Chapter 5 of the book talks about mapping “what’s inside.” This is useful because it can help to monitor those occurrences, compare those occurrences with others, and conclude when and how to take action. Areas are defined by drawing boundaries and data can be found in a single area or several and discrete (identifiable) or continuous (seamless) features. Which method is used can be determined by examining what kind of information the user needs from the actual analysis. Some examples of this information may be lists, counts, summaries, or feature views. This chapter discusses three different ways of finding the things inside of an area. The first way is drawing a map that shows the area boundary and the features to see what features are within the boundary. The second way is by specifying the area boundary and features for a summary. The last method is separating the area boundaries and features into different layers, overlaying them, and having the system combine and compare to make summaries. This chapter next discusses how to actually draw the maps, talking about using/mapping locations, lines, discrete areas, and continuous features. Then, it talks about choosing the features that the user wants to use within a boundary, which can be done by the GIS. These results can then be compiled into a report or spreadsheet in many kinds of summaries, including the popular ones of count, frequency, and numeric attributes (sum, mean, median, standard deviation, etc.). Lastly, this chapter talks more about the method of overlaying, discussing the two big categories of using this method with discrete areas and continuous categories. The continuous way uses one of the two methods: vector (compares cross areas) or raster (compares cells). After reading this chapter, I feel more comfortable with the concept of using areas and their contents to draw conclusions and summaries when mapping. 
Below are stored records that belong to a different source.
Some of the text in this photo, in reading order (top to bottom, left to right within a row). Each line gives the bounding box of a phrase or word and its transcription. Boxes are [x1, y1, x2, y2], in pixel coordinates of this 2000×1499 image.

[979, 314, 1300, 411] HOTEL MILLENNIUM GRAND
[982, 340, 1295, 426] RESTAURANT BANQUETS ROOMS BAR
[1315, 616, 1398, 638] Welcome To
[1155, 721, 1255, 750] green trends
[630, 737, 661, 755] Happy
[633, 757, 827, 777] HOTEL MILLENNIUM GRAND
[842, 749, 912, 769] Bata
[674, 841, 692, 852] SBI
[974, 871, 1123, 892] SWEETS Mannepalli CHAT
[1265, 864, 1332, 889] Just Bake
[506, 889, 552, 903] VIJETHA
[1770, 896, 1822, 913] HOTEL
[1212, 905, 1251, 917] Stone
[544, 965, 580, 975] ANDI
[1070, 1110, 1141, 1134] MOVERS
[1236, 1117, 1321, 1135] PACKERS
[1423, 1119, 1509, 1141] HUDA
Chapter 6 of the book talks about finding what’s around a feature, which is used to determine the area that is impacted by an event. First, the book explains the importance of specifically defining the analysis, which includes possibly determining distance, travel to and from, cost, and planes (whether it includes earth curvature or not). Next, the user must ask what information is needed from the analysis, which could be a list, count, summary, or distance/cost ranges (may need inclusive rings that show relationships between totals and distances or district bands that compare distances to other attributes). Then, the chapter explains the three ways of discovering what’s nearby, which include straight-line distance (creates a boundary/selects characteristics at a set distance), distance or cost over a network (finds what’s within a manageable distance/cost), and cost over a surface (finds overland travel cost). This chapter then goes very deeply into using straight-line distance, talking about the potential of making and using buffers, just choosing features within a certain distance and the different ways to do/use that, using the GIS to find the distance between features and how to obtain/utilize the results, or creating a distance layer in the program and using it to create specific distance buffers. Next, the chapter talks about measuring over an entire network in the GIS, which means that the system finds all lines in a network within certain parameters. To do this, the user may have to specify the layer for the network, assign segments to centers, set travel specifications, choose surrounding features, and make the final map. Lastly, this chapter talks about finding cost in a geographic surface, which involves specifying cost, personalizing cost distance, collecting the information, summarizing the results, and creating the final map. This chapter was a bit more abstract for me, but I’m sure the concepts will be more clear once we’re using these skills. 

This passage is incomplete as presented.